With the pictures removed, write out the data below exactly.

● ● ● ● ● ● ●

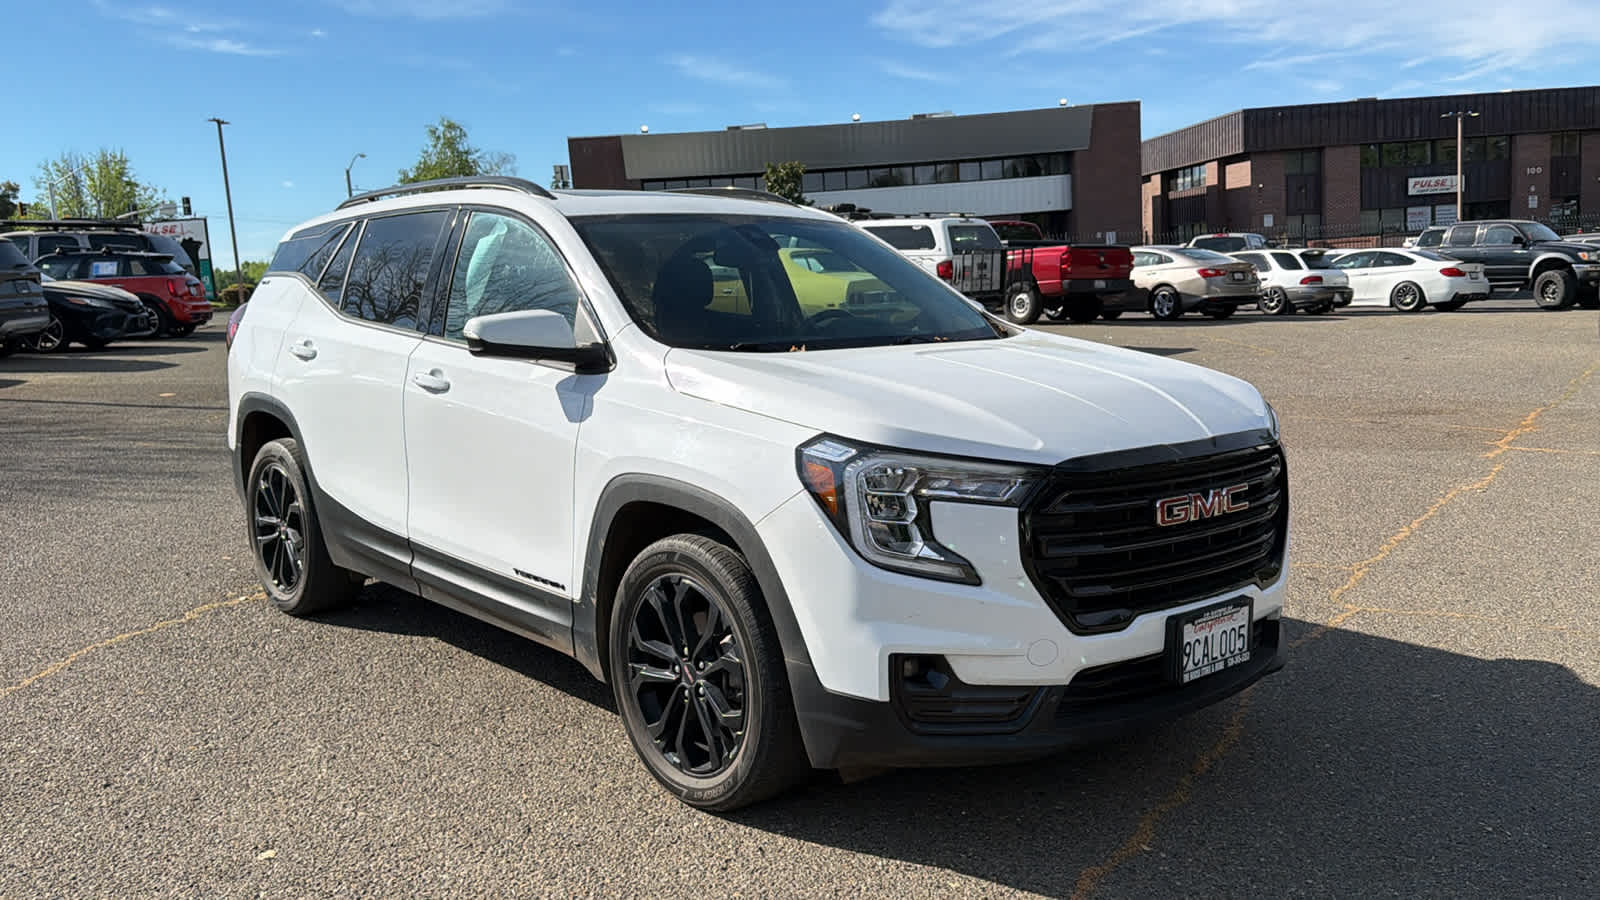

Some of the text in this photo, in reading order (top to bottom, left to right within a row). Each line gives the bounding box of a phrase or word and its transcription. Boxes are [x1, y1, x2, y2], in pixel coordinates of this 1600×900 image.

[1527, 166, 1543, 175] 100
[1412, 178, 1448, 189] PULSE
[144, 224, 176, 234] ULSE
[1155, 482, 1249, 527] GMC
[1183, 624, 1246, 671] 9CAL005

● ● ● ● ● ● ●

* **Final answer**:
Some of the text in this photo, in reading order (top to bottom, left to right within a row). Each line gives the bounding box of a phrase or word and its transcription. Boxes are [x1, y1, x2, y2], in pixel coordinates of this 1600×900 image.

[1527, 166, 1543, 175] 100
[1412, 178, 1448, 189] PULSE
[144, 224, 176, 234] ULSE
[1155, 482, 1249, 527] GMC
[1183, 624, 1246, 671] 9CAL005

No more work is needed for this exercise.